1.1.  Design Assumptions

   In order to limit the potentially huge design space, the working
   group imposed two key constraints on the Multipath TCP design
   presented in this document:

   o  It must be backwards-compatible with current, regular TCP, to
      increase its chances of deployment.

   o  It can be assumed that one or both hosts are multihomed and
      multiaddressed.

   To simplify the design, we assume that the presence of multiple
   addresses at a host is sufficient to indicate the existence of
   multiple paths.  These paths need not be entirely disjoint: they may
   share one or many routers between them.  Even in such a situation,
   making use of multiple paths is beneficial, improving resource
   utilization and resilience to a subset of node failures.  The
   congestion control algorithms defined in [5] ensure this does not act
   detrimentally.  Furthermore, there may be some scenarios where
   different TCP ports on a single host can provide disjoint paths (such

RFC6824 - Page 5

   as through certain Equal-Cost Multipath (ECMP) implementations [7]),
   and so the MPTCP design also supports the use of ports in path
   identifiers.

   There are three aspects to the backwards-compatibility listed above
   (discussed in more detail in [2]):

   External Constraints:  The protocol must function through the vast
      majority of existing middleboxes such as NATs, firewalls, and
      proxies, and as such must resemble existing TCP as far as possible
      on the wire.  Furthermore, the protocol must not assume the
      segments it sends on the wire arrive unmodified at the
      destination: they may be split or coalesced; TCP options may be
      removed or duplicated.

   Application Constraints:  The protocol must be usable with no change
      to existing applications that use the common TCP API (although it
      is reasonable that not all features would be available to such
      legacy applications).  Furthermore, the protocol must provide the
      same service model as regular TCP to the application.

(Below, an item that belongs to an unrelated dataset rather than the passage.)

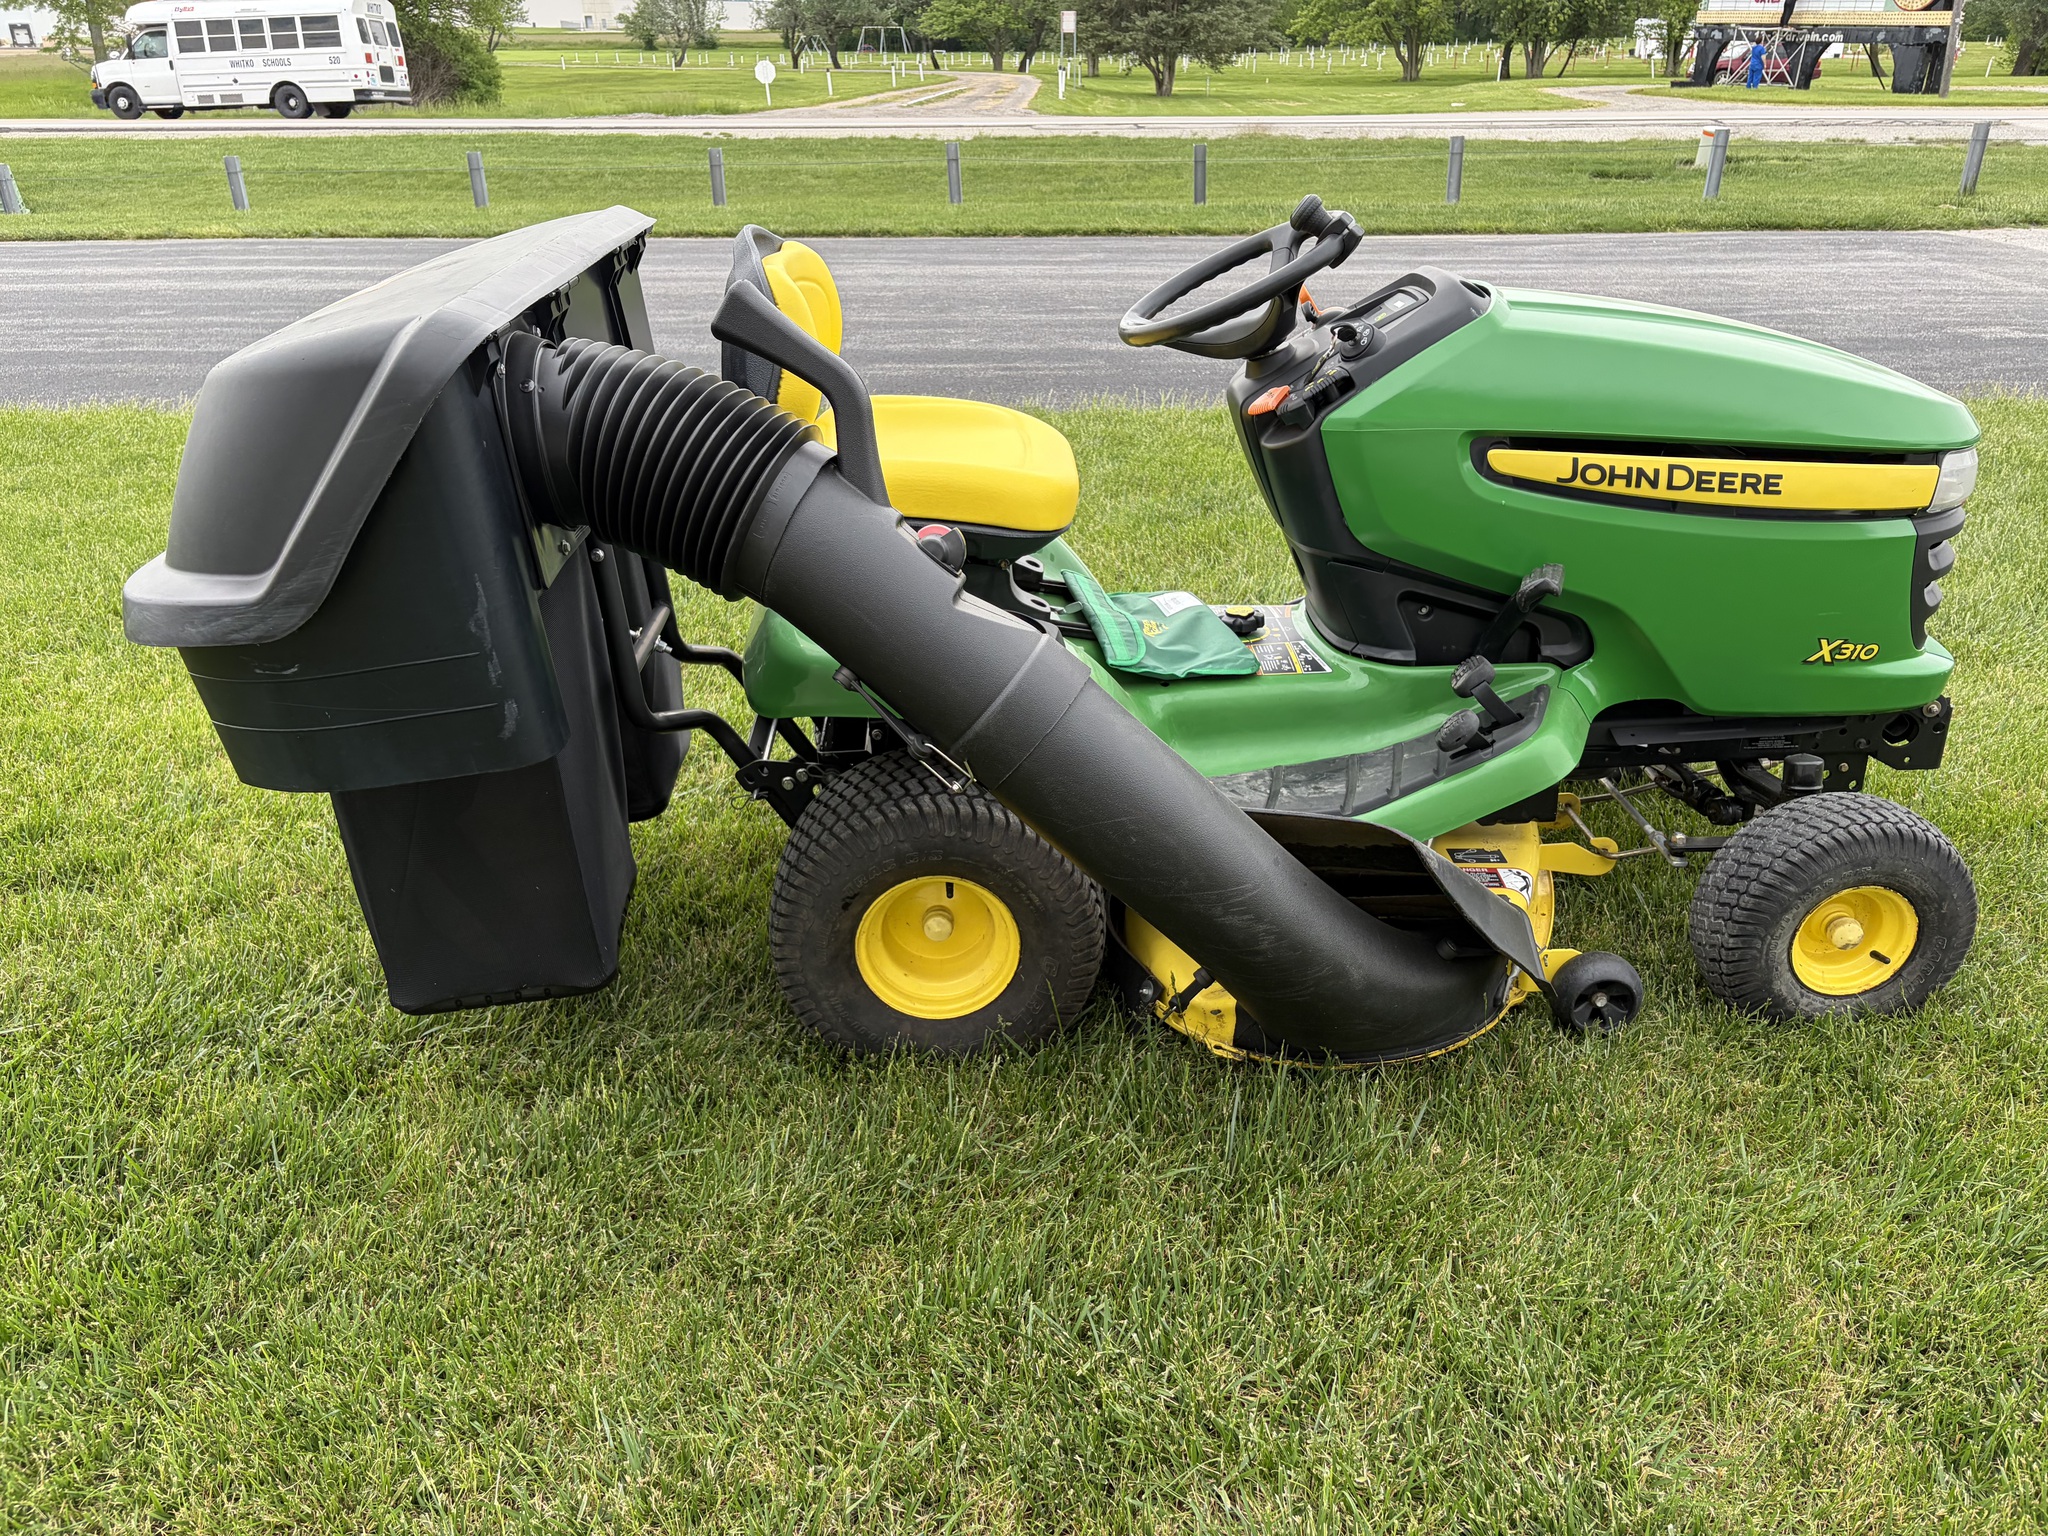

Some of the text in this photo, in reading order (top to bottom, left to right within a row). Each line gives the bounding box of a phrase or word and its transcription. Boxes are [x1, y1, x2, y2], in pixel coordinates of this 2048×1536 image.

[229, 56, 341, 68] WHITKO SCHOOLS 520
[1556, 457, 1784, 496] JOHN DEERE
[1802, 637, 1880, 666] X310

   Fallback:  The protocol should be able to fall back to standard TCP
      with no interference from the user, to be able to communicate with
      legacy hosts.

   The complementary application considerations document [6] discusses
   the necessary features of an API to provide backwards-compatibility,
   as well as API extensions to convey the behavior of MPTCP at a level
   of control and information equivalent to that available with regular,
   single-path TCP.

   Further discussion of the design constraints and associated design
   decisions are given in the MPTCP Architecture document [2] and in
   [8].

1.2.  Multipath TCP in the Networking Stack

   MPTCP operates at the transport layer and aims to be transparent to
   both higher and lower layers.  It is a set of additional features on
   top of standard TCP; Figure 1 illustrates this layering.  MPTCP is
   designed to be usable by legacy applications with no changes;
   detailed discussion of its interactions with applications is given in
   [6].

RFC6824 - Page 6

                                   +-------------------------------+
                                   |           Application         |
      +---------------+            +-------------------------------+
      |  Application  |            |             MPTCP             |
      +---------------+            + - - - - - - - + - - - - - - - +
      |      TCP      |            | Subflow (TCP) | Subflow (TCP) |
      +---------------+            +-------------------------------+
      |      IP       |            |       IP      |      IP       |
      +---------------+            +-------------------------------+

      Figure 1: Comparison of Standard TCP and MPTCP Protocol Stacks

1.3.  Terminology

   This document makes use of a number of terms that are either MPTCP-
   specific or have defined meaning in the context of MPTCP, as follows:

   Path:  A sequence of links between a sender and a receiver, defined
      in this context by a 4-tuple of source and destination address/
      port pairs.

   Subflow:  A flow of TCP segments operating over an individual path,
      which forms part of a larger MPTCP connection.  A subflow is
      started and terminated similar to a regular TCP connection.

   (MPTCP) Connection:  A set of one or more subflows, over which an
      application can communicate between two hosts.  There is a one-to-
      one mapping between a connection and an application socket.

   Data-level:  The payload data is nominally transferred over a
      connection, which in turn is transported over subflows.  Thus, the
      term "data-level" is synonymous with "connection level", in
      contrast to "subflow-level", which refers to properties of an
      individual subflow.

   Token:  A locally unique identifier given to a multipath connection
      by a host.  May also be referred to as a "Connection ID".

   Host:  An end host operating an MPTCP implementation, and either
      initiating or accepting an MPTCP connection.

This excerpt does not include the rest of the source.